Written by Chris Thom
Spoon Feed
This prospective study demonstrated a high accuracy of POCUS in identifying growth plate fractures in pediatric patients.
POCUS continues to succeed in extremity injury evaluation
In this prospective study, patients aged 0–18 years old with a suspected growth plate (physis) fracture were eligible for enrollment. Four emergency physicians with POCUS expertise enrolled patients. POCUS results were compared to x-ray interpretation, which served as the reference standard.
A total of 117 pediatric patients were included in the analysis. 85 patients had a fracture identified on x-ray; 49 of these were distal radius and/or ulna fractures. There were 10 humerus fractures, 6 femur fractures, and several alternate fracture locations (e.g. metacarpals, clavicle, tibia). POCUS demonstrated a sensitivity of 97% and specificity of 94% for the detection of any fracture. There were 15 fractures involving the growth plate, wherein POCUS had a sensitivity of 93% and specificity of 95%. For detection of fracture extension into the joint space, POCUS sensitivity was 62% and specificity was 100%.
How will this change my practice?
This study provides another excellent data point in the utility of POCUS for pediatric fracture evaluation. POCUS was highly accurate for the detection of fracture, including fractures that involve the growth plate. However, POCUS was not as accurate in the detection of fracture extension into the joint space.
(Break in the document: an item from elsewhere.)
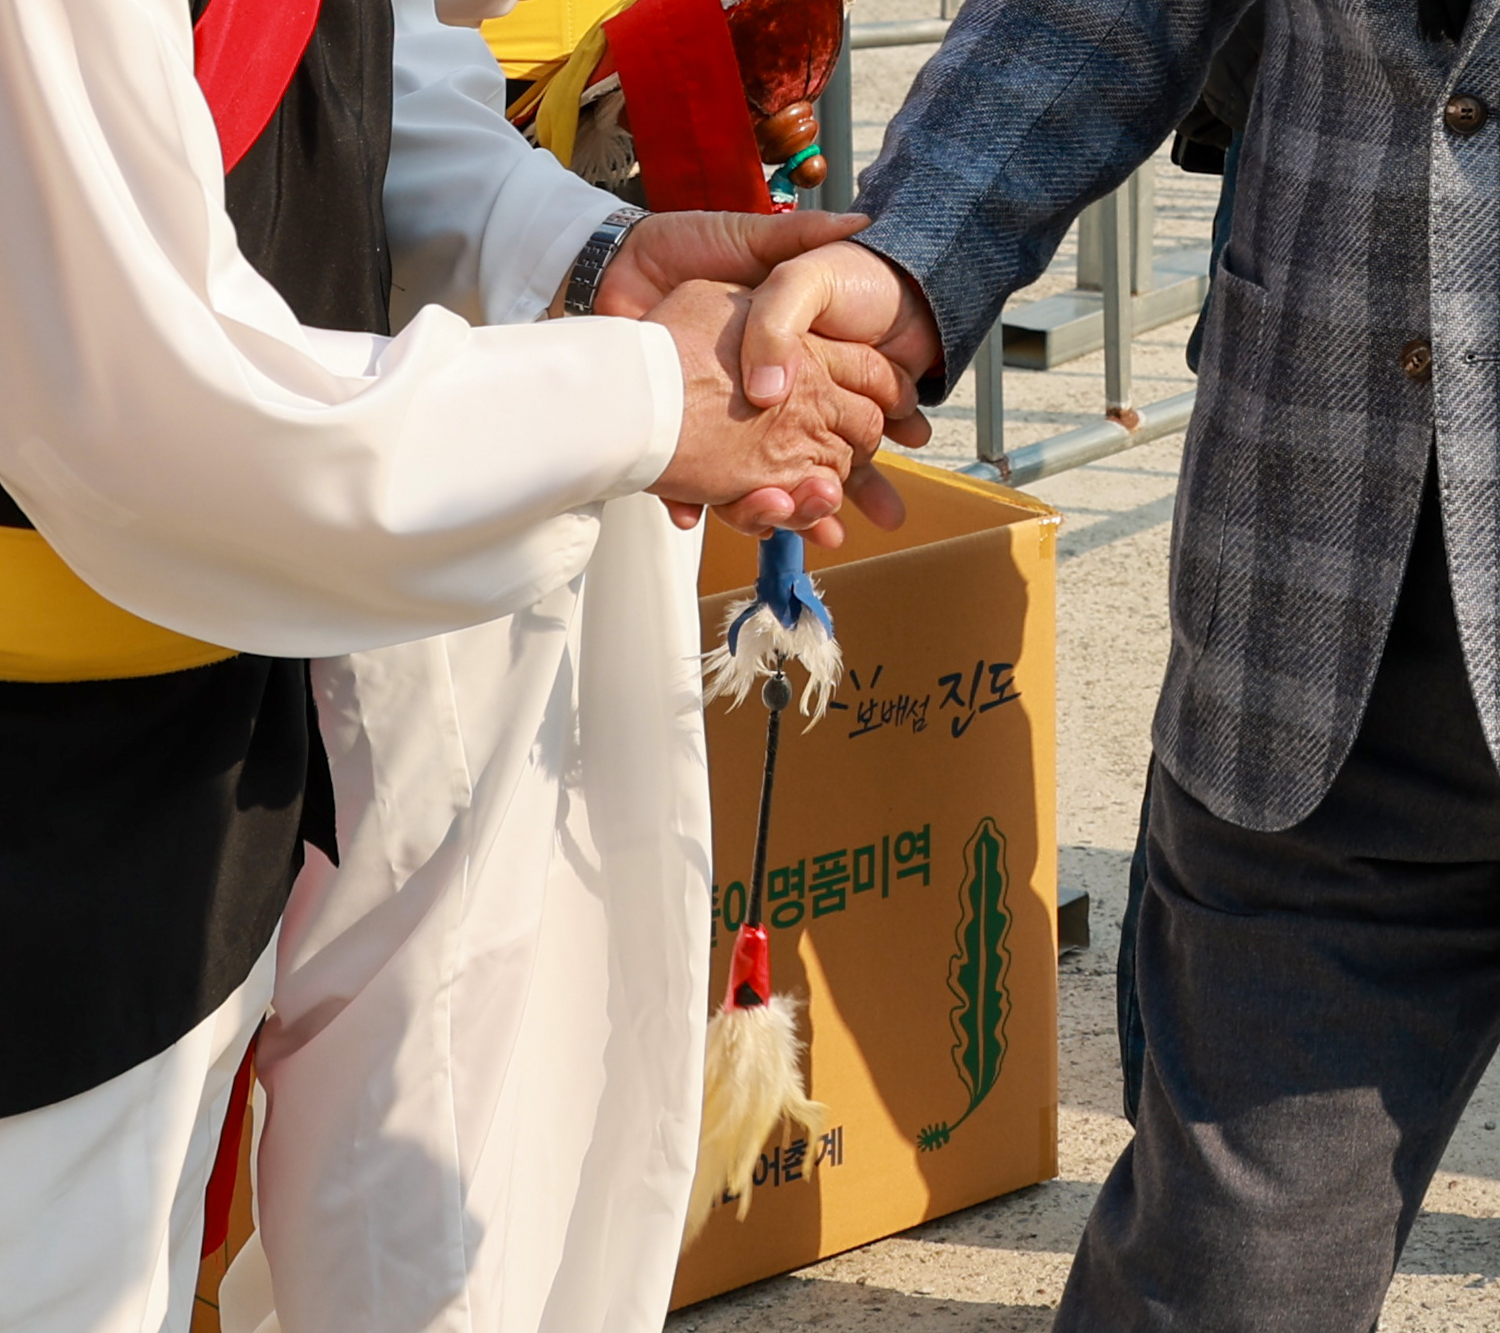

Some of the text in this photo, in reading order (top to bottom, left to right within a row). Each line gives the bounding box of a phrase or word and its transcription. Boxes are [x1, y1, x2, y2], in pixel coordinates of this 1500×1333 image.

[849, 659, 1022, 739] 보배섬 진도
[767, 823, 931, 929] 명품미역
Given this, it is not surprising that POCUS was only able to correctly classify 60% of growth plate involving fractures (9/15) into the correct Salter-Harris classification. My own reading on this is that it is likely reasonable practice to forgo x-ray if one identifies an isolated buckle fracture on POCUS. However, if you are seeing a cortical breach fracture, then the x-ray may still help define the Salter Harris classification and subsequent treatment.
POCUS pro-tips and clips
You will want to use the high-frequency ultrasound transducer oriented in the long axis in order to visualize the bone cortex. This will appear as a highly echogenic line, which should be continuous and non-interrupted in the long axis. A fracture will appear as a cortical discontinuity, often associated with a degree of displacement. In pediatric cases, you’ll want to get comfortable with the sonographic appearance of the growth plate. This appears as a hypoechoic “gap” in the bone cortex just proximal to the joint space. There are telltale signs to differentiate a growth plate from a fracture, which include smooth adjacent bone contours and a lack of displacement. However, note that the growth plate does shrink in size with age. If in doubt, take advantage of symmetry by evaluating the contralateral limb for comparison.
Source
Diagnostic accuracy of point-of-care ultrasonography in physeal fractures. Am J Emerg Med. 2026 Feb;100:198-204. doi: 10.1016/j.ajem.2025.12.009. Epub 2025 Dec 15. PMID: 41418495.